**WORK TO BE COMPLETED**.
Transcribe every entry word for word, but skip the images.
*** PROVIDED DATA ***
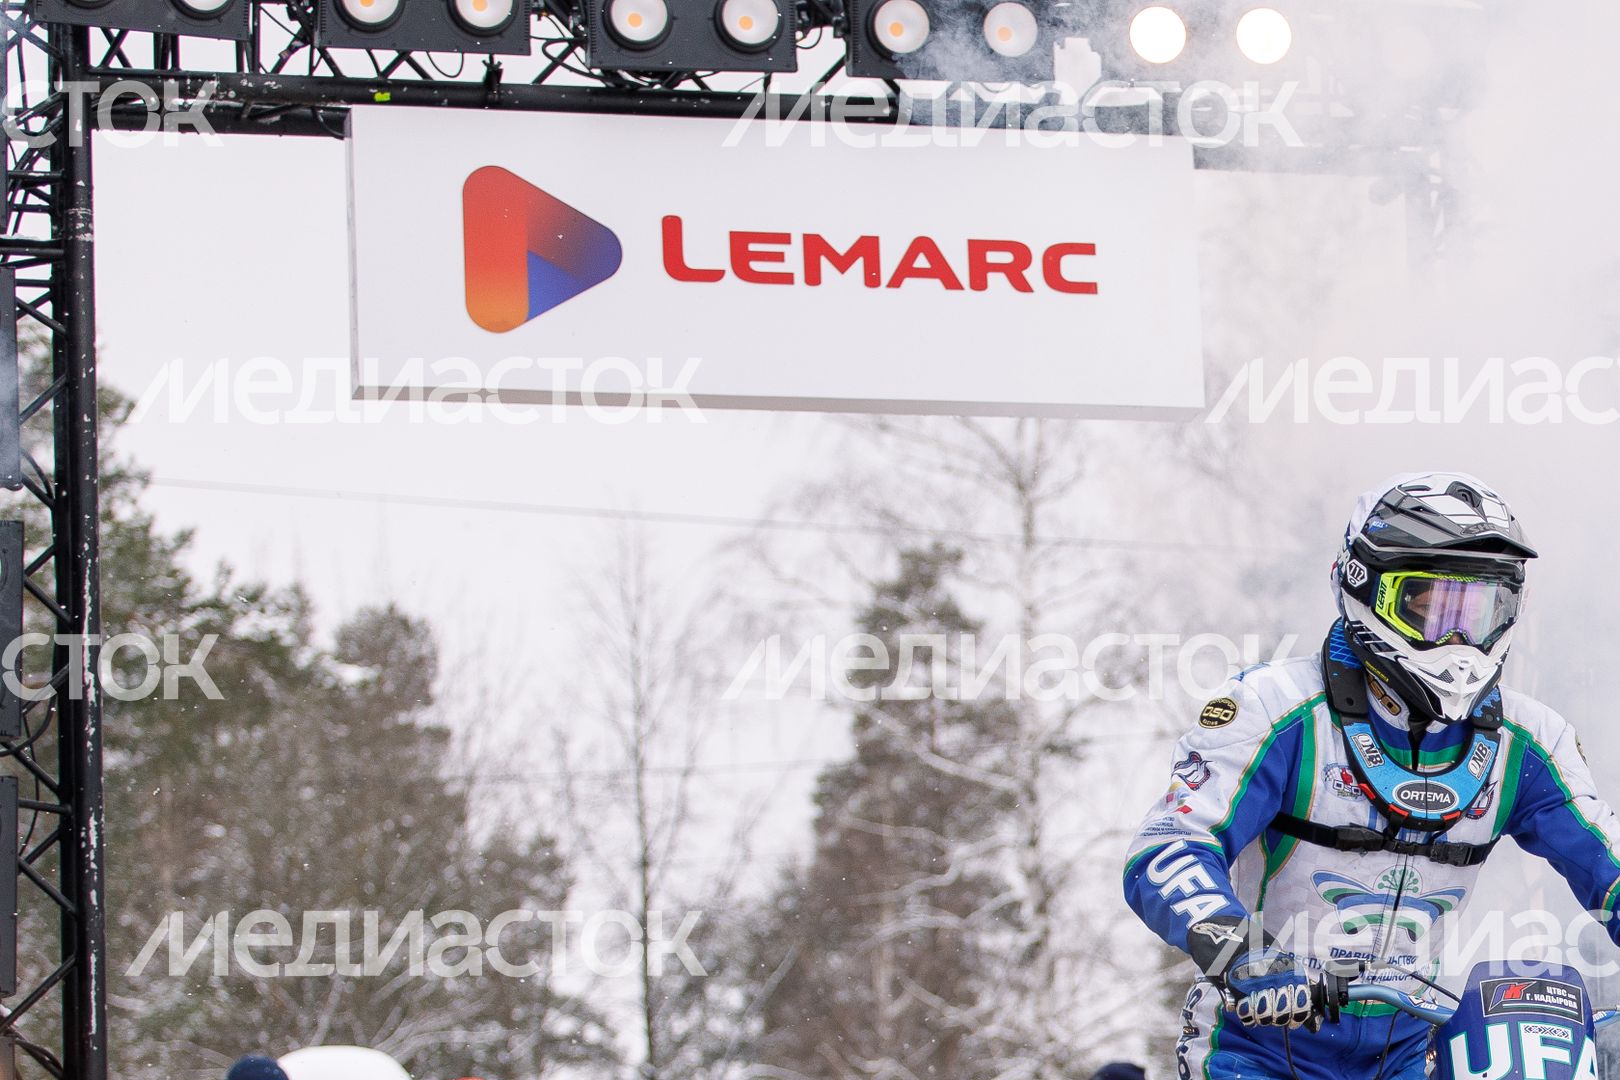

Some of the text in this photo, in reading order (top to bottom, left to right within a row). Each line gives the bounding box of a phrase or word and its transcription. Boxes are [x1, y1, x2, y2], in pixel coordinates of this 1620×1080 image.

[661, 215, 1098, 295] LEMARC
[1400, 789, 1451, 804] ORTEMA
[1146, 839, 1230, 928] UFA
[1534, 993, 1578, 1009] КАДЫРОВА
*** End of PROVIDED DATA ***
**RESPONSE**.
Some of the text in this photo, in reading order (top to bottom, left to right within a row). Each line gives the bounding box of a phrase or word and its transcription. Boxes are [x1, y1, x2, y2], in pixel coordinates of this 1620×1080 image.

[661, 215, 1098, 295] LEMARC
[1400, 789, 1451, 804] ORTEMA
[1146, 839, 1230, 928] UFA
[1534, 993, 1578, 1009] КАДЫРОВА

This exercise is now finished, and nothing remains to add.